The White House's point man on plans for a post-Castro transition, Caleb McCarry, recently told The Miami Herald that U.S. estimates of total Venezuelan subsidies to Cuba per year ``are up to the $2 billion figure.''

LITTLE INFORMATION

Still, it's hard to know for sure how the oil-for-Cuban workers agreement balances out in financial terms. Venezuela has provided scant data on how Cuba is paying for the oil; Cuba does not speak at all on the matter.

According to a copy of one oil accord signed by the two nations and obtained by The Miami Herald, if the price of oil exceeds $40 a barrel, Cuba would get a two-year grace period on repayments and they would be extended over 25 years at 1 percent interest. Venezuelan oil is now selling at about $60 per barrel, at a time when world prices are above $70, because it tends to be heavier and more difficult to refine.

But experts say that Cuba has never paid any cash for the oil. A University of Miami report last year said Cuba's deferred oil payments from 2000 to 2004 totaled nearly $2 billion.

The Venezuelan El Nacional newspaper reported last year that the only recent independent audit of PDVSA, by a local affiliate of the global accounting firm KPMG, found that Cuba owed $584 million as of December 2003. KPMG refused to reveal any details of its audit.

Most estimates of the amount of Venezuelan oil going to Cuba coincide at 100,000 barrels a day.
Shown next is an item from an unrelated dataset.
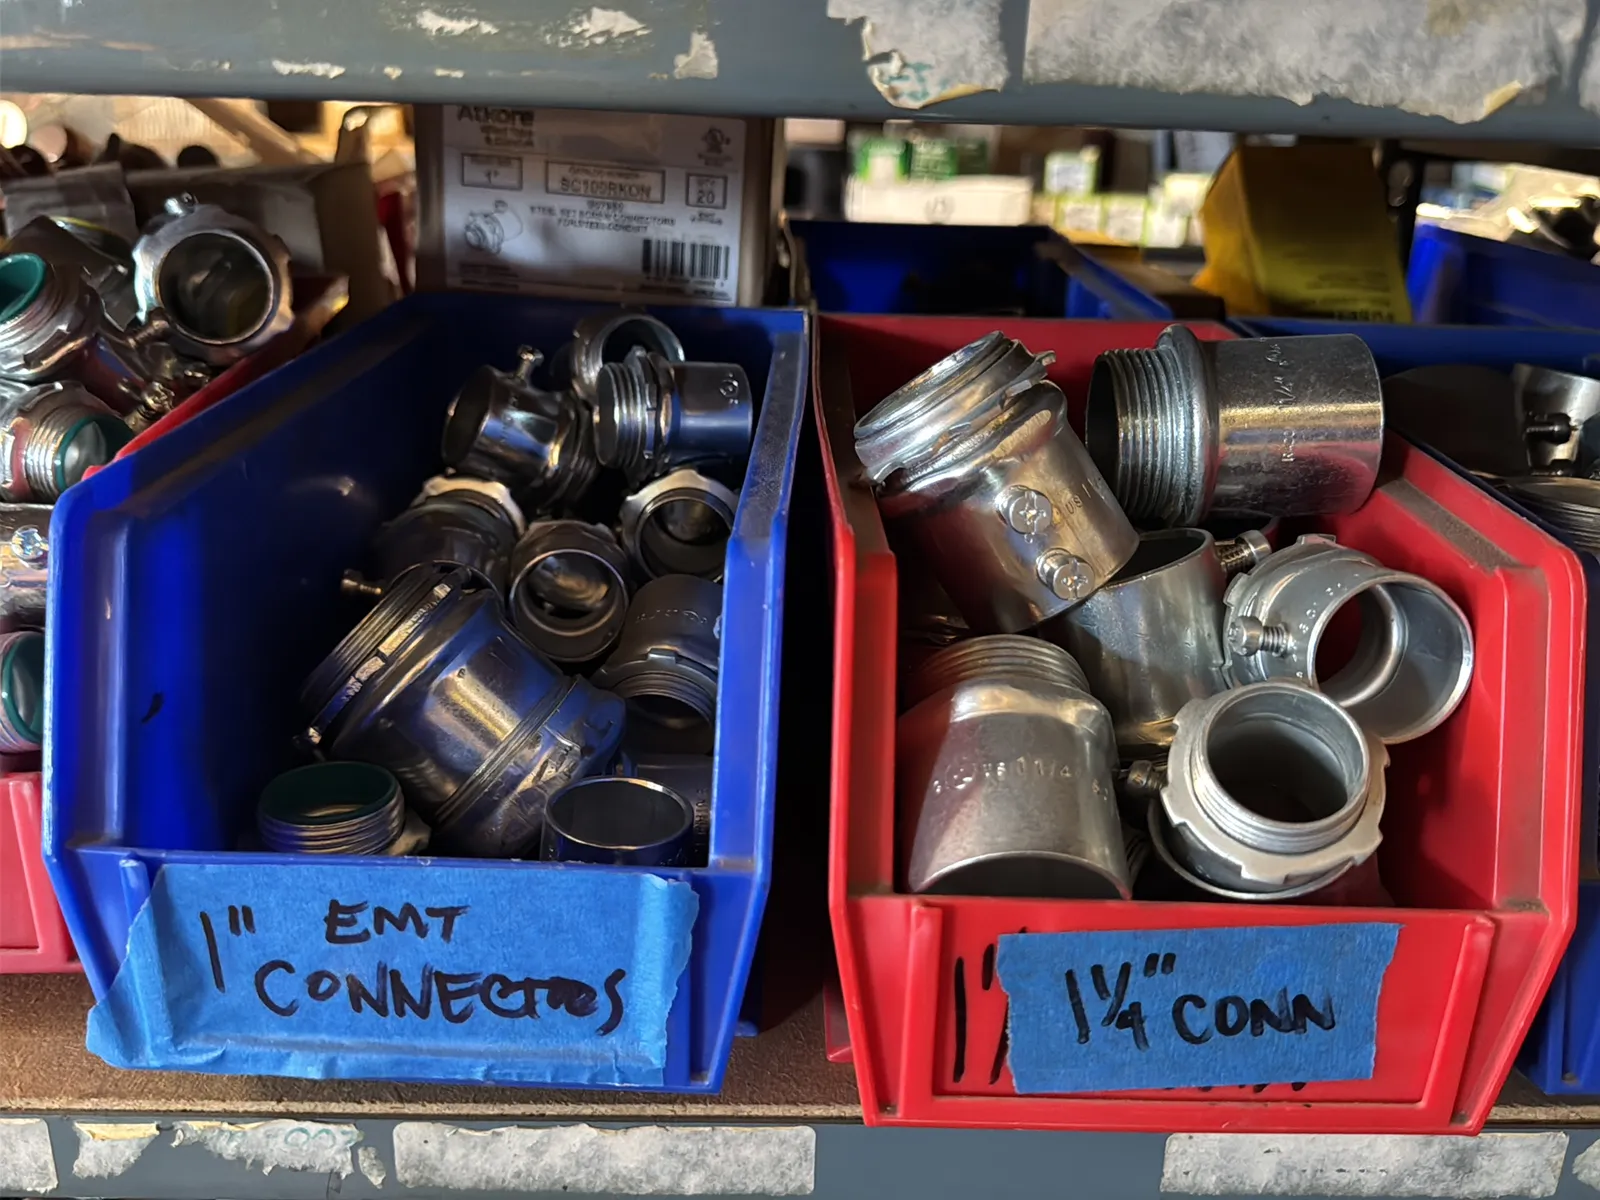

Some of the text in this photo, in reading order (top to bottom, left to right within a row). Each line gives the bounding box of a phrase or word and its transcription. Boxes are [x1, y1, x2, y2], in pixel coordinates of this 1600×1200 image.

Piñón said that includes 67,000 barrels of refined products such as gasoline, jet fuel and diesel. Another 37,000 barrels, he said, is crude that is refined in Cuba. Cuba itself produces an estimated 70,000 to 75,000 barrels, and its consumption is estimated at 170,000 to 200,000 barrels per day.

But Cuba needs more than oil shipments, experts say. It needs a coherent energy strategy, another area in which Venezuela is trying to help the island.

Venezuela has purchased 49 percent of a Cuban refinery in central Cienfuegos and is spending an initial $83 million to revive it. The refinery will need hundreds of millions more in upgrades. Once completed, it will produce about 76,000 barrels a day of refined products and ease Cuba's dependency on Venezuelan imports.

Venezuela has also promised to help Cuba upgrade its electricity grid and halt its frequent and prolonged blackouts. Earlier this month, four million people were plunged into darkness by what the government said was a fault in the grid.

HOUSING PROJECTS

On the social front, the Industrial Bank of Venezuela has opened up a $50 million credit line for housing projects in Cuba, and former Ambassador Chávez told the AP that up to $1 billion would be changing hands for housing projects in both countries.

In addition, the Venezuelan government has footed the bill for the thousands of Venezuelans and other Latin Americans who regularly fly to Cuba for various medical treatments.

''It's a replay of what the Soviet Union was doing,'' said Américo Martín, a Venezuelan political analyst.

But just how much influence Chávez will be able to buy in Cuba with his subsidies remains a question mark.

Martín believes that Raúl Castro's inner circle will control the country's next moves, regardless of Chávez's money or possible suggestions. ''There are elements of power that don't want to submit to Chávez,'' he said.

But Hans de Salas-del Valle, a research associate at the University of Miami's Cuba Transition Project, predicts a stronger role for Chávez.

''Raúl will run the country . . . but Chávez holds enormous leverage,'' he said. ``Other than Raúl, there is no one more than Chávez who will influence the future of Cuba.''


Miami Herald special correspondent Phil Gunson contributed to this article from Caracas.